A directory in which to prepare the rootfs, and an arch to use are the last two items (which can be specified on the command line).

Here is a minimal example, which just does makes a normal Debian rootfs. use a command like: sudo multistrap -a armel -d /multistrap-debian-lenny -f simple-config

simple-config

[General]
unpack=true
debootstrap=Grip
aptsources=Debian

[Debian]
packages=
source=http://ftp.uk.debian.org/debian
keyring=debian-archive-keyring
suite=lenny

Grip/Debian example

Here is an example for an arm embedded system (balloonboard), where the rootfs is an emdebian Grip base, augmented by security updates, some extra packages from debian proper and some local packages from an internal repository.

Use it with a command like sudo multistrap -f grip-config

[General]
# arch and directory can be specified on the command line.
arch=armel
directory=/opt/multistrap/
# same as --tidy-up option if set to true
cleanup=true
# retain the sources outside the rootfs for distribution
# specify a directory to which all the .debs can be moved.
# or override with the --source-dir option.
retainsources=
# same as --no-auth option if set to true
# keyring packages listed in each debootstrap will
# still be installed.
noauth=true
# retries not needed.
#retries=5
# extract all downloaded archives
unpack=true
# the order of sections is no longer important.
# debootstrap determines which repository is used to
# calculate the list of Priority: required packages
debootstrap=Grip Updates
# the order of sections is no longer important.
# aptsources is a list of sections to be listed
# in the /etc/apt/sources.list.d/multistrap.sources.list
# of the target.
aptsources=Grip Updates Debian

[Grip]
packages=ntpdate udev lrzsz netcat telnetd
source=http://www.emdebian.org/grip
keyring=emdebian-archive-keyring
suite=lenny

[Updates]
packages=apt
source=http://www.emdebian.org/grip
keyring=emdebian-archive-keyring
suite=lenny-proposed-updates

# fallback
[Debian]
packages=
source=http://ftp.uk.debian.org/debian
keyring=debian-archive-keyring
suite=lenny

Customisation

Multistrap/CustomisingRootfs

Debconf and pre-seeding

Multistrap is not a DebianInstaller environment, it does not run udebs and debconf pre-seeding using d-i prefixes cannot work. It may be possible to pre-seed debconf with values for xserver-xorg or tzdata but this is not fully tested at the moment.

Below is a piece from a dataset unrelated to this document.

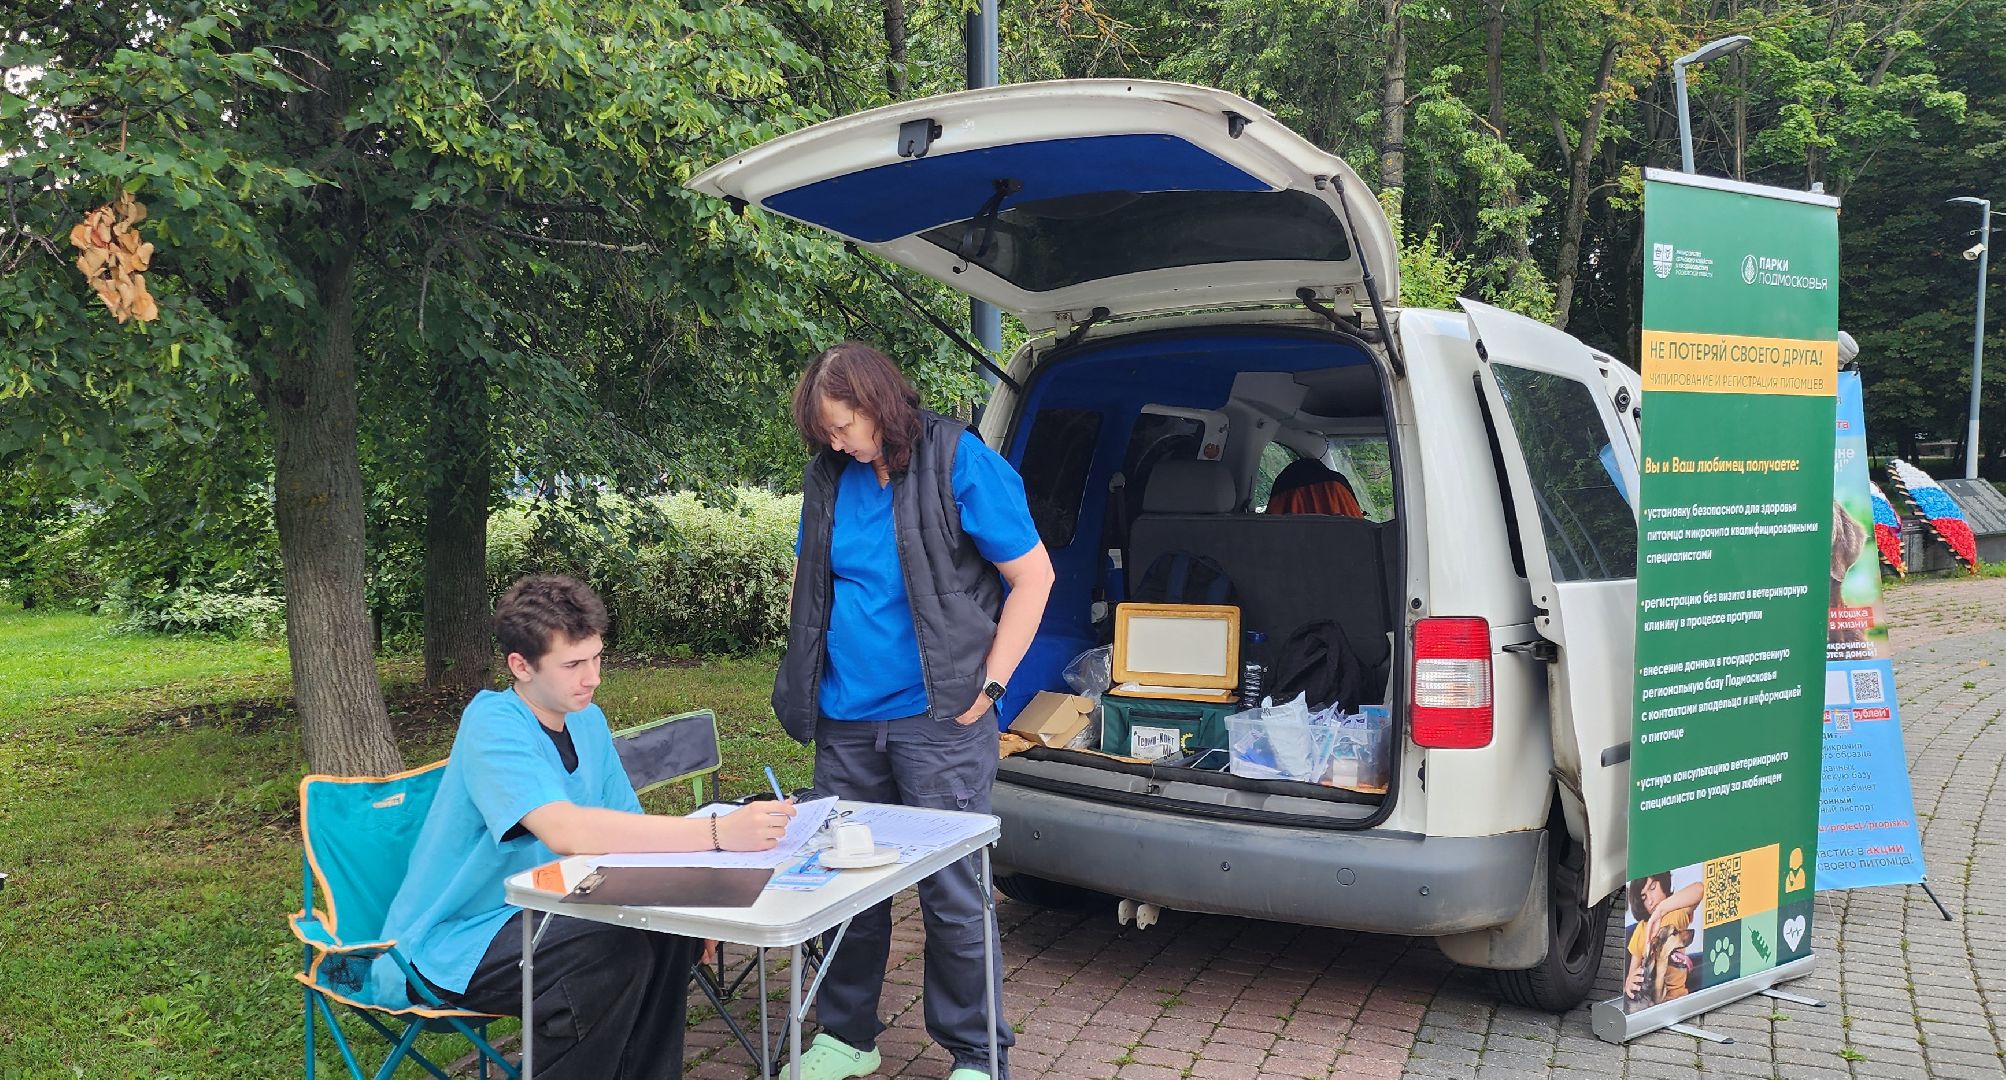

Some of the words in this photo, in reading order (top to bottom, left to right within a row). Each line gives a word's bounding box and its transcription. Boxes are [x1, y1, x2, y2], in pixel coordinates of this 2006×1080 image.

To set the root password, create a stub for /etc/shadow containing the line for root from an existing Debian system with the required root password already set. e.g.

root:$1$JgJYkyR/$NmCUELffabBFGwim6kjNn0:14795:0:99999:7:::                      

Steps for Squeeze and later

Inside the chroot (using qemu-static or after booting and using chroot, as appropriate):

/var/lib/dpkg/info/dash.preinst install

Environment

Multistrap/Environment

Native handling

Multistrap/NativeHandling

Cross chroot preparation

Multistrap in Debian experimental is being extended to allow the creation of a cross-building chroot which is compatible with [pbuilder]. The principle is to add toolchain packages from the Emdebian repositories and then add hooks to pbuilder which can set up the cross-dependencies.

Partial Mirrors

Multistrap/PartialMirrors

Cascading configuration

To support multiple variants of a basic (common) configuration, multistrap is also being extended to allow configuration files to include other (more general) configuration files. i.e. the most detailed / specific configuration file is specified on the command line and that file includes another file which is shared by other configurations.

Base file:

/usr/share/multistrap/crosschroot.conf

Variations:

/usr/share/multistrap/armel.conf

Specifying just the armel.conf file will get the rest of the settings from crosschroot.conf so that common changes only need to be made in a single file.